Dataset entries:

Start of Block

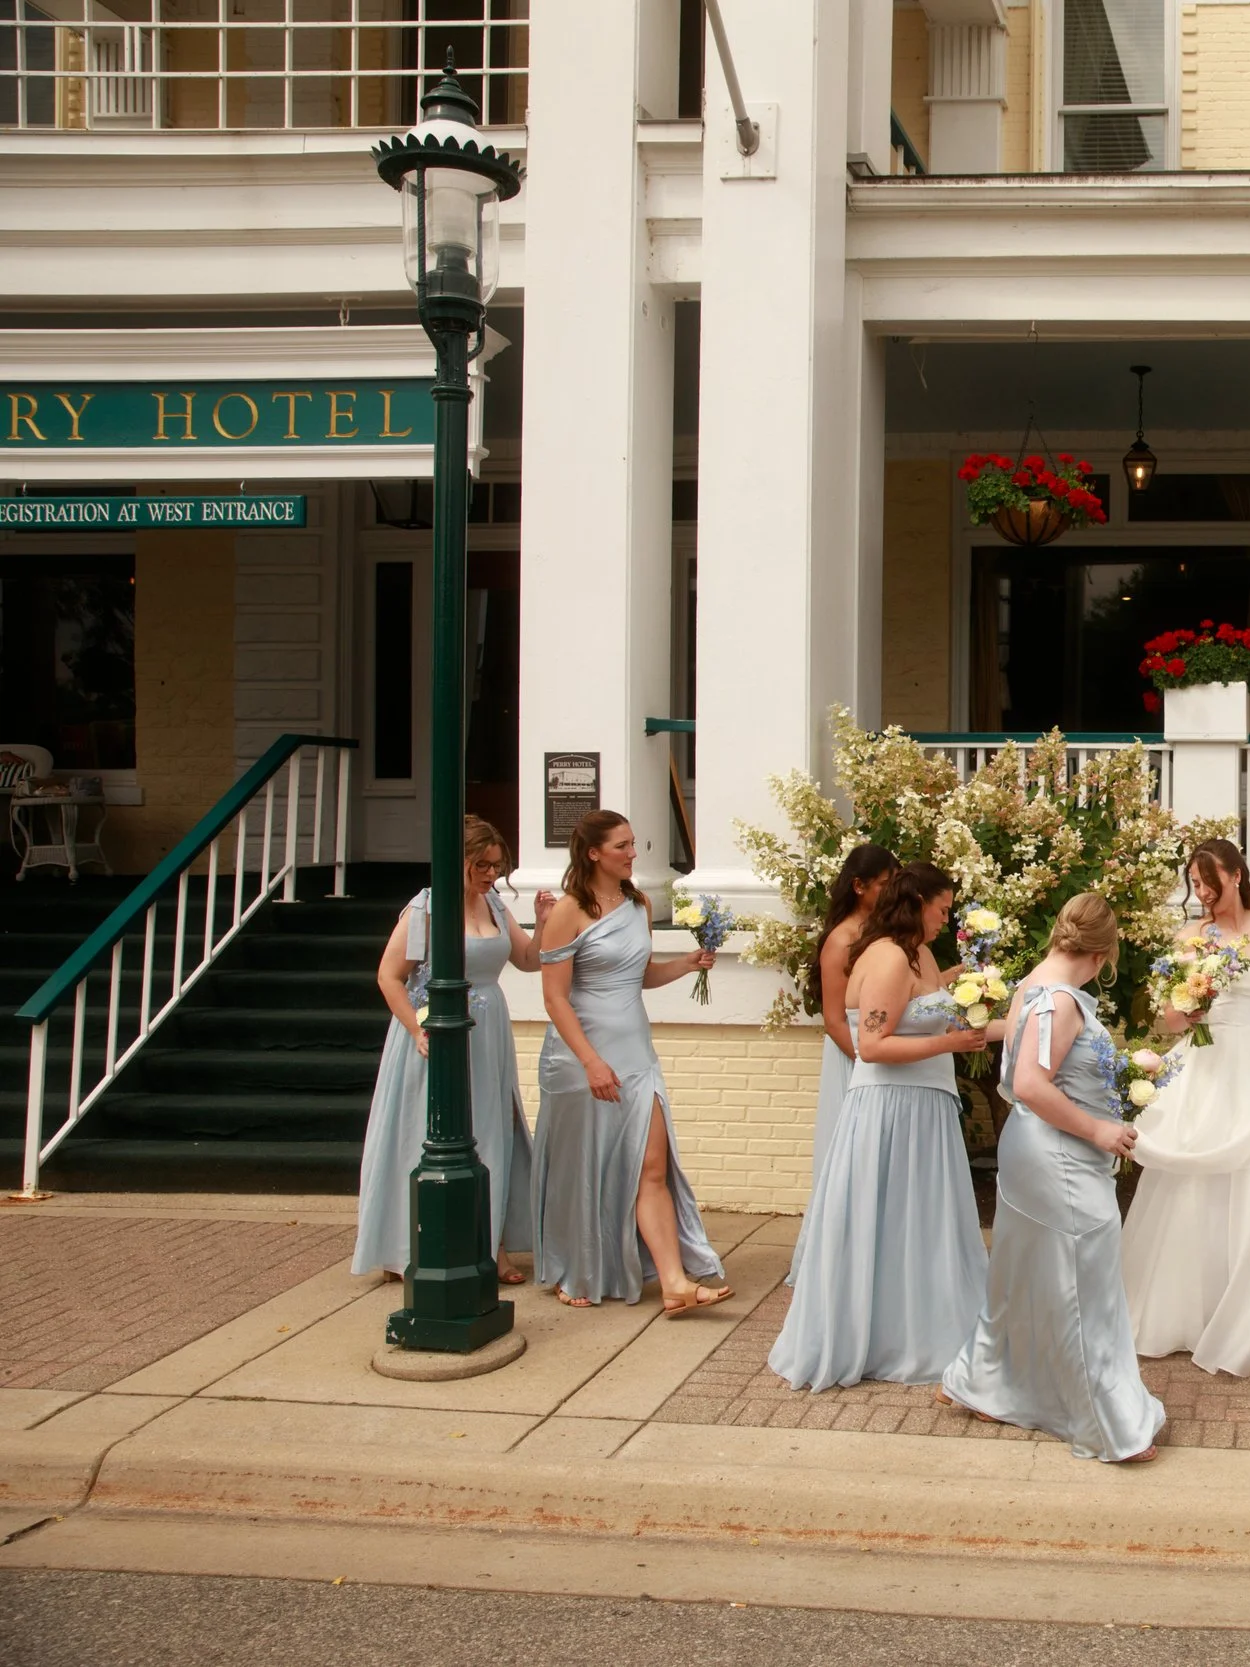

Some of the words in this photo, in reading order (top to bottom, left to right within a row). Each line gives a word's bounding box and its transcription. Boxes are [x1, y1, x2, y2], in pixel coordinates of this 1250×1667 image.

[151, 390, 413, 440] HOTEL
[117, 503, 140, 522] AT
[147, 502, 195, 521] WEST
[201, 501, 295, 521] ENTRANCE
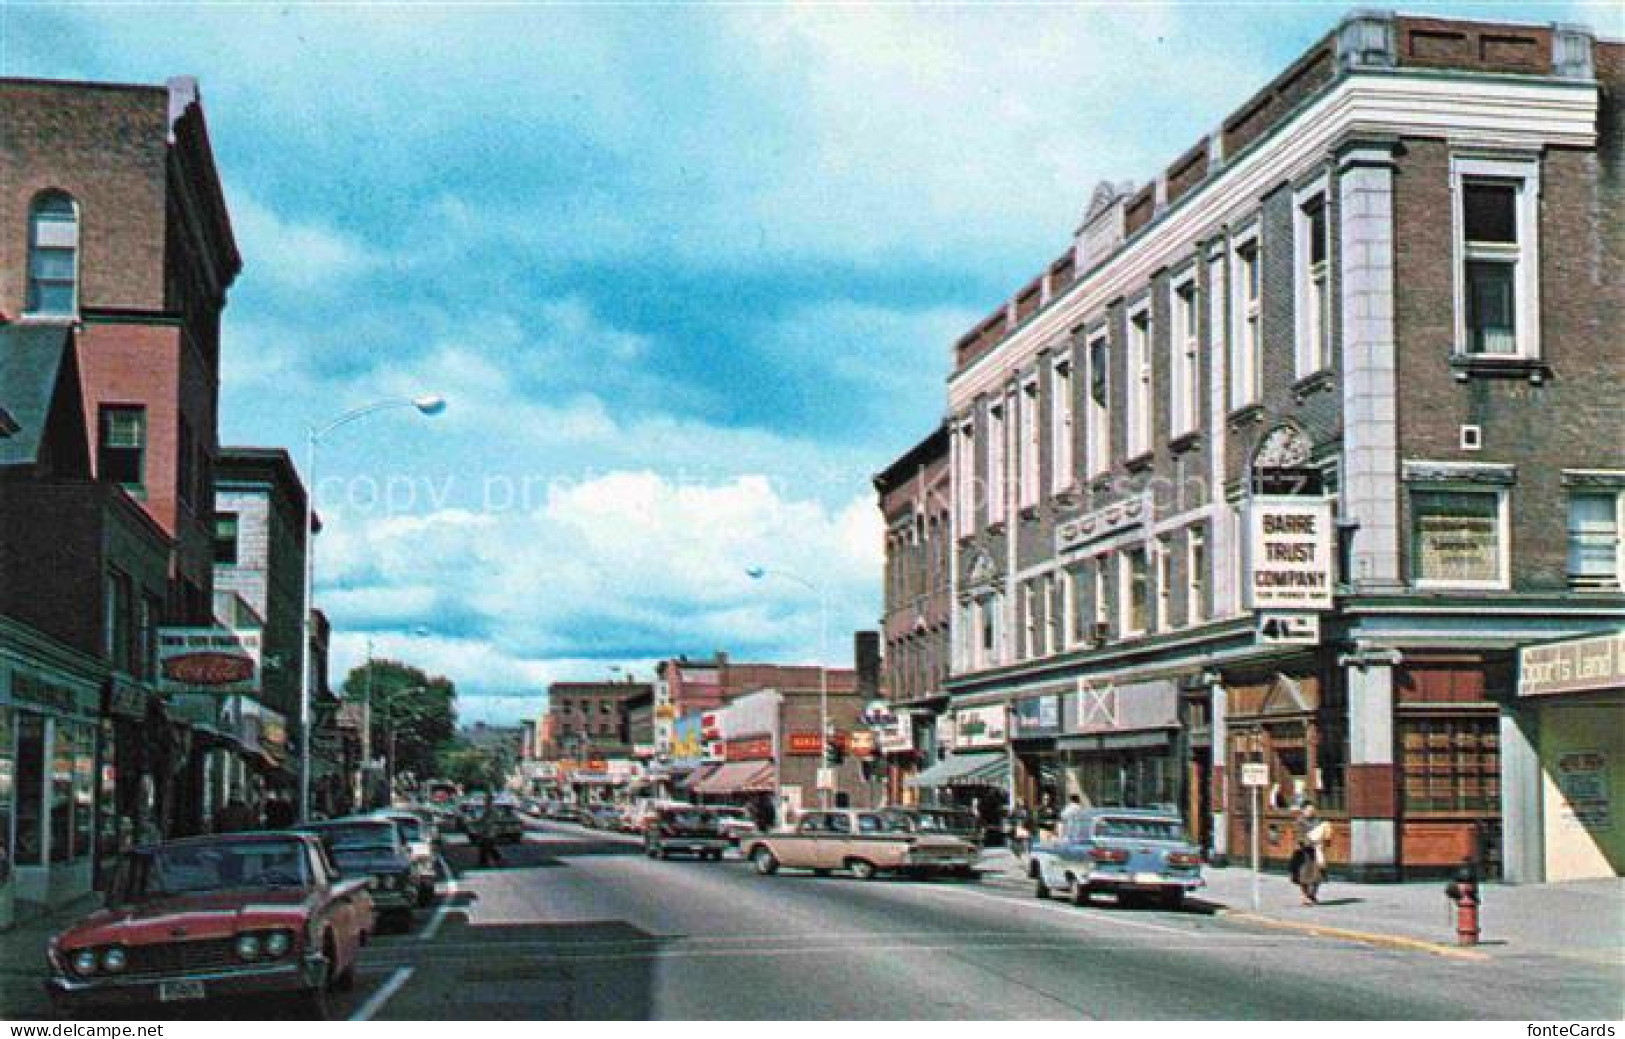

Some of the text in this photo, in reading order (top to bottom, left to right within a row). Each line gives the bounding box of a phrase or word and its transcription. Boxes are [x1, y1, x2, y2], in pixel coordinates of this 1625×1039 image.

End of Block

* _Work request_
The records above need to be copied exactly, though not their pictures.

* _Answer for the task_
Some of the words in this photo, in reading order (top to bottom, left to right within a row). Each line gives a word's bounding box and its transcription. Boxes are [x1, y1, x2, y2], in pixel coordinates of this 1250×1667 image.

[151, 390, 413, 440] HOTEL
[117, 503, 140, 522] AT
[147, 502, 195, 521] WEST
[201, 501, 295, 521] ENTRANCE

Some of the text in this photo, in reading order (top to bottom, left to right within a row). Each line gives the bounding box of a phrase or word and its transcription. Boxes are [x1, y1, x2, y2], in pixel coordinates of this 1625×1039 image.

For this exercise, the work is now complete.